§ **Task to carry out**: The records, repeated exactly and in full, are the expected answer.

[Collected data]
----------
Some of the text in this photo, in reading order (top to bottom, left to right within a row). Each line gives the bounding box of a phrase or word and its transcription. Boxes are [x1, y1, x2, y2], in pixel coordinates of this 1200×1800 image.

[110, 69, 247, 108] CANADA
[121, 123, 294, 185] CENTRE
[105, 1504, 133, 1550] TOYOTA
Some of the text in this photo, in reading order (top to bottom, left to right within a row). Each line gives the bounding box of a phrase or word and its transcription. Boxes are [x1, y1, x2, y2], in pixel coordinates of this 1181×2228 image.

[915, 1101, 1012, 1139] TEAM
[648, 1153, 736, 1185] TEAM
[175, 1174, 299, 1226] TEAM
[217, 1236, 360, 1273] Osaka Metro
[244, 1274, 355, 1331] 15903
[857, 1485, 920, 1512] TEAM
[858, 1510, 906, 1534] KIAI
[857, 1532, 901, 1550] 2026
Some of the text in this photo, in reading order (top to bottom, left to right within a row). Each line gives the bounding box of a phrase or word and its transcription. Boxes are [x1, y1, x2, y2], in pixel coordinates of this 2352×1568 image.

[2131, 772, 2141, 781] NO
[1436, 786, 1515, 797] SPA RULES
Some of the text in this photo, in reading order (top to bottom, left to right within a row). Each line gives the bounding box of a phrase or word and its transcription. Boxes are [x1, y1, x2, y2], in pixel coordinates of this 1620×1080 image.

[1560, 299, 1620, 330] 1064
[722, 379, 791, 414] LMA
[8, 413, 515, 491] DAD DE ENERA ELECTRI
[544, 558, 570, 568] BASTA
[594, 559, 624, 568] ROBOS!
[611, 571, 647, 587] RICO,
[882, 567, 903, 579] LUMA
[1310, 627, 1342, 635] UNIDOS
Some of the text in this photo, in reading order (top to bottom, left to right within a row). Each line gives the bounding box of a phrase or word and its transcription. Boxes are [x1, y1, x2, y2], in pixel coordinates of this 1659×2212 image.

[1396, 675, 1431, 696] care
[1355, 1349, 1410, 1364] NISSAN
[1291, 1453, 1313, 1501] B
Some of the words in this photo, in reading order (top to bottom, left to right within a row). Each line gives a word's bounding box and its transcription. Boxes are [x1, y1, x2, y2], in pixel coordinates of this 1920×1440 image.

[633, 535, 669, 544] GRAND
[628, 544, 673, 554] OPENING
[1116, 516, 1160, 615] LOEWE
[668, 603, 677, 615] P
----------
§ **Response to the exercise**:
Some of the text in this photo, in reading order (top to bottom, left to right within a row). Each line gives the bounding box of a phrase or word and its transcription. Boxes are [x1, y1, x2, y2], in pixel coordinates of this 1200×1800 image.

[110, 69, 247, 108] CANADA
[121, 123, 294, 185] CENTRE
[105, 1504, 133, 1550] TOYOTA
Some of the text in this photo, in reading order (top to bottom, left to right within a row). Each line gives the bounding box of a phrase or word and its transcription. Boxes are [x1, y1, x2, y2], in pixel coordinates of this 1181×2228 image.

[915, 1101, 1012, 1139] TEAM
[648, 1153, 736, 1185] TEAM
[175, 1174, 299, 1226] TEAM
[217, 1236, 360, 1273] Osaka Metro
[244, 1274, 355, 1331] 15903
[857, 1485, 920, 1512] TEAM
[858, 1510, 906, 1534] KIAI
[857, 1532, 901, 1550] 2026
Some of the text in this photo, in reading order (top to bottom, left to right within a row). Each line gives the bounding box of a phrase or word and its transcription. Boxes are [x1, y1, x2, y2], in pixel coordinates of this 2352×1568 image.

[2131, 772, 2141, 781] NO
[1436, 786, 1515, 797] SPA RULES
Some of the text in this photo, in reading order (top to bottom, left to right within a row). Each line gives the bounding box of a phrase or word and its transcription. Boxes are [x1, y1, x2, y2], in pixel coordinates of this 1620×1080 image.

[1560, 299, 1620, 330] 1064
[722, 379, 791, 414] LMA
[8, 413, 515, 491] DAD DE ENERA ELECTRI
[544, 558, 570, 568] BASTA
[594, 559, 624, 568] ROBOS!
[611, 571, 647, 587] RICO,
[882, 567, 903, 579] LUMA
[1310, 627, 1342, 635] UNIDOS
Some of the text in this photo, in reading order (top to bottom, left to right within a row). Each line gives the bounding box of a phrase or word and its transcription. Boxes are [x1, y1, x2, y2], in pixel coordinates of this 1659×2212 image.

[1396, 675, 1431, 696] care
[1355, 1349, 1410, 1364] NISSAN
[1291, 1453, 1313, 1501] B
Some of the words in this photo, in reading order (top to bottom, left to right within a row). Each line gives a word's bounding box and its transcription. Boxes are [x1, y1, x2, y2], in pixel coordinates of this 1920×1440 image.

[633, 535, 669, 544] GRAND
[628, 544, 673, 554] OPENING
[1116, 516, 1160, 615] LOEWE
[668, 603, 677, 615] P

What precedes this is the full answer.